Tom Hegen photographed grounded airplanes last year when travel was at a standstill. The results are starkly beautiful.

Airports are beginning to bustle again, but this time last year they were deserted. And that gave one photographer a rare opportunity to capture the beauty in their stasis.

German photographer Tom Hegen wanted to convey his personal quarantine experience, and after hearing how airports were closed and planes grounded across Germany, he decided to focus his project there. His aerial images, which capture runways dotted with grounded aircraft, striped with colorful lines, and punctuated with luggage carriers at a standstill, are a graphic ode to travel during a time when no one was going anywhere. These photos are now compiled in a new book aptly titled Airports.

[Photo: Tom Hegen]
The images from above would have been nearly impossible to capture at any other time because of air traffic. Travel restrictions due to the coronavirus hit airlines hard.
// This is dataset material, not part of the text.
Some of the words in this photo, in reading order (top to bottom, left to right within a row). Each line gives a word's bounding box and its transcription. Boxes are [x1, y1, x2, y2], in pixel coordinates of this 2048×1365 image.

In April 2020, when these photographs were taken, the Transportation Security Administration saw a 95% percent drop in air passengers in the U.S., and at least half of the planes in the world were grounded. International air travel still dropped 60% overall last year, according to the United Nation’s air transportation agency. Without the usual flight traffic, Hegen got the okay to fly a helicopter above the taxiways at six major German airports around Frankfurt, Hamburg, and Berlin. He leaned out of the helicopter’s open doorway to capture the shots.
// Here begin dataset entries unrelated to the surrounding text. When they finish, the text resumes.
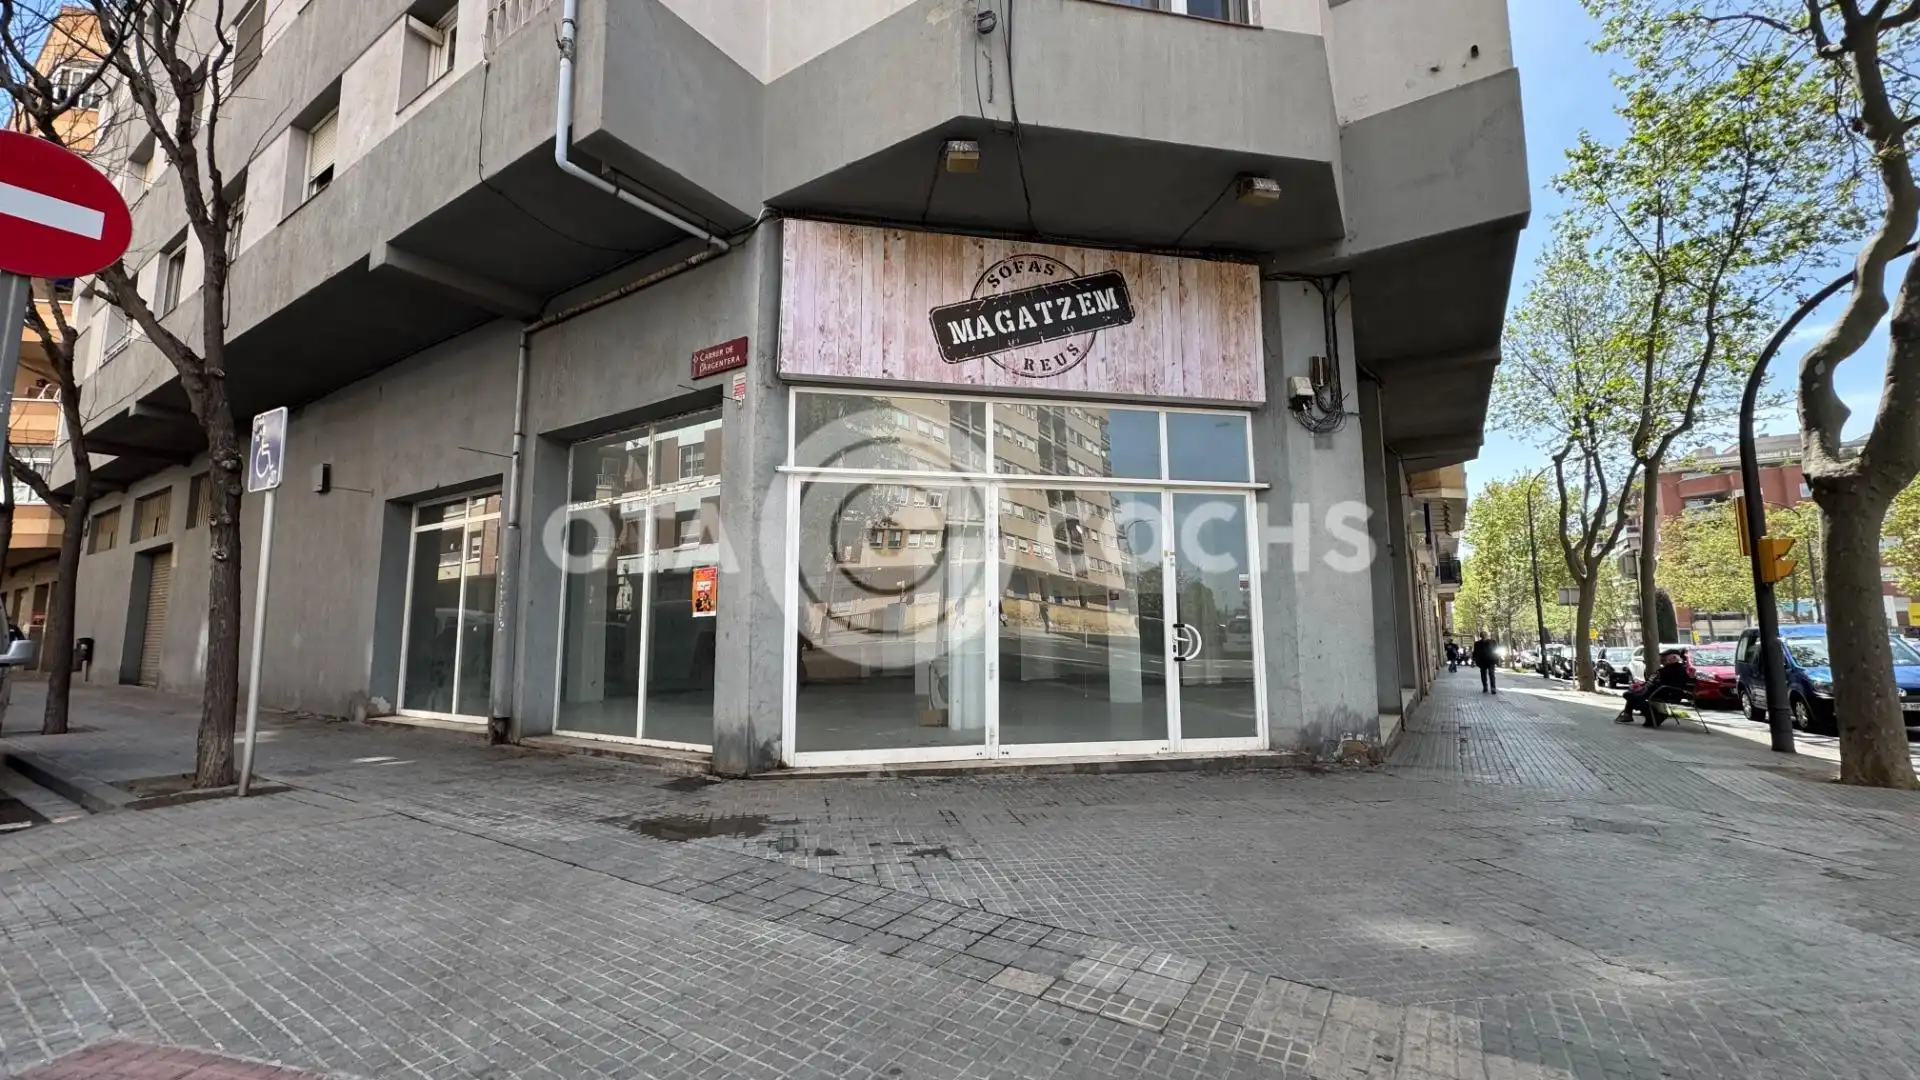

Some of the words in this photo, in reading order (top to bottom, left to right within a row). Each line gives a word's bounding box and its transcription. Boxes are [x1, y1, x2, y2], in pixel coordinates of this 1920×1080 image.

[986, 260, 1056, 288] SOFAS
[947, 287, 1120, 345] MAGATZEM
[699, 349, 724, 362] CARRER
[725, 345, 734, 354] DE
[1024, 343, 1081, 372] REUS
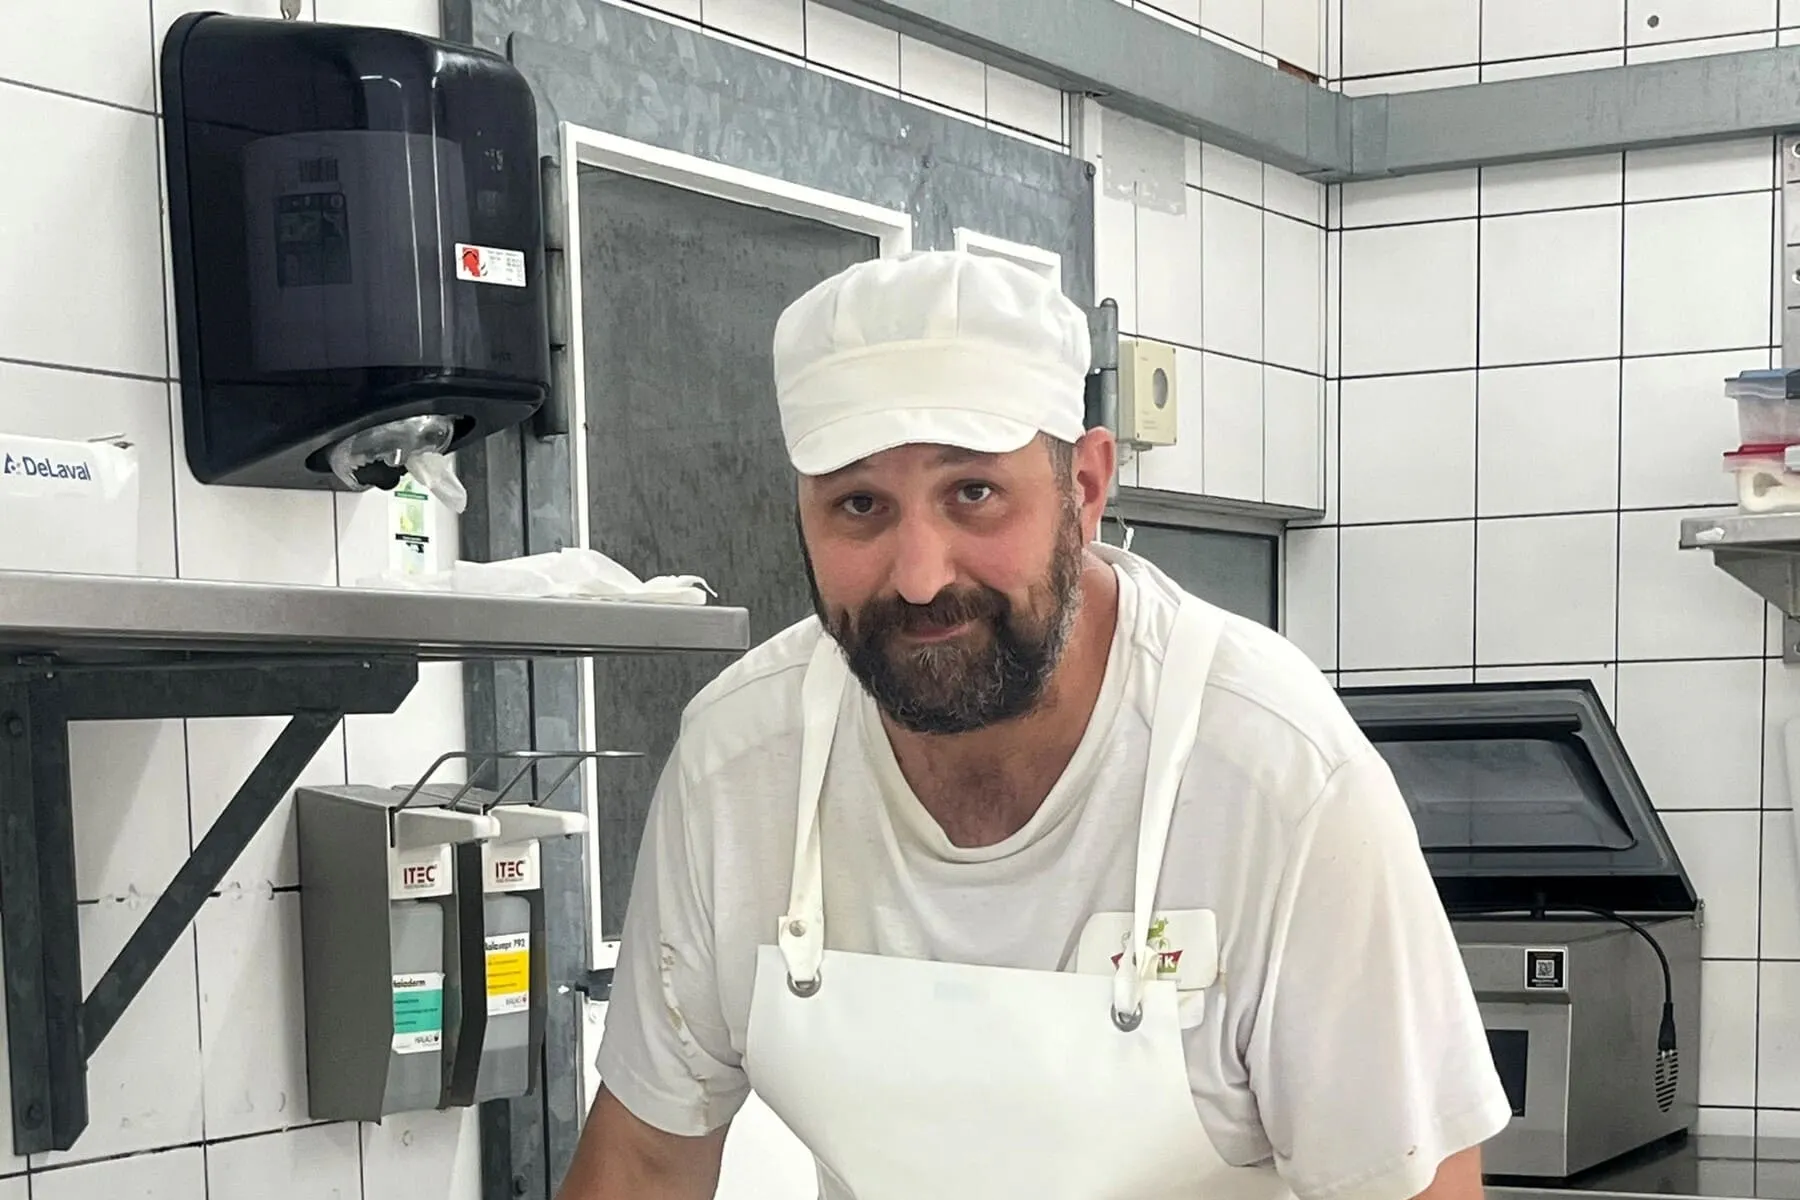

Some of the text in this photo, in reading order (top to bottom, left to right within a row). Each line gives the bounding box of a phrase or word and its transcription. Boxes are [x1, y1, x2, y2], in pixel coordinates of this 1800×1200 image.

[22, 456, 92, 481] DeLaval
[403, 865, 436, 885] ITEC
[495, 860, 525, 878] ITEC
It’s easy to look at the drab gray cement of an airport at eye level and see the space purely as a means to getting somewhere else. But Hegen’s photographs make airport runways a visual destination. Shot from above, the airplanes almost seem like miniatures, perfectly placed in symmetric and correlating patterns and surrounded by brightly colored accent lines. But it’s also a reminder that the space is a feat of architecture and engineering; its layout is a beautiful and precise way to get all of us from point A to point B safely.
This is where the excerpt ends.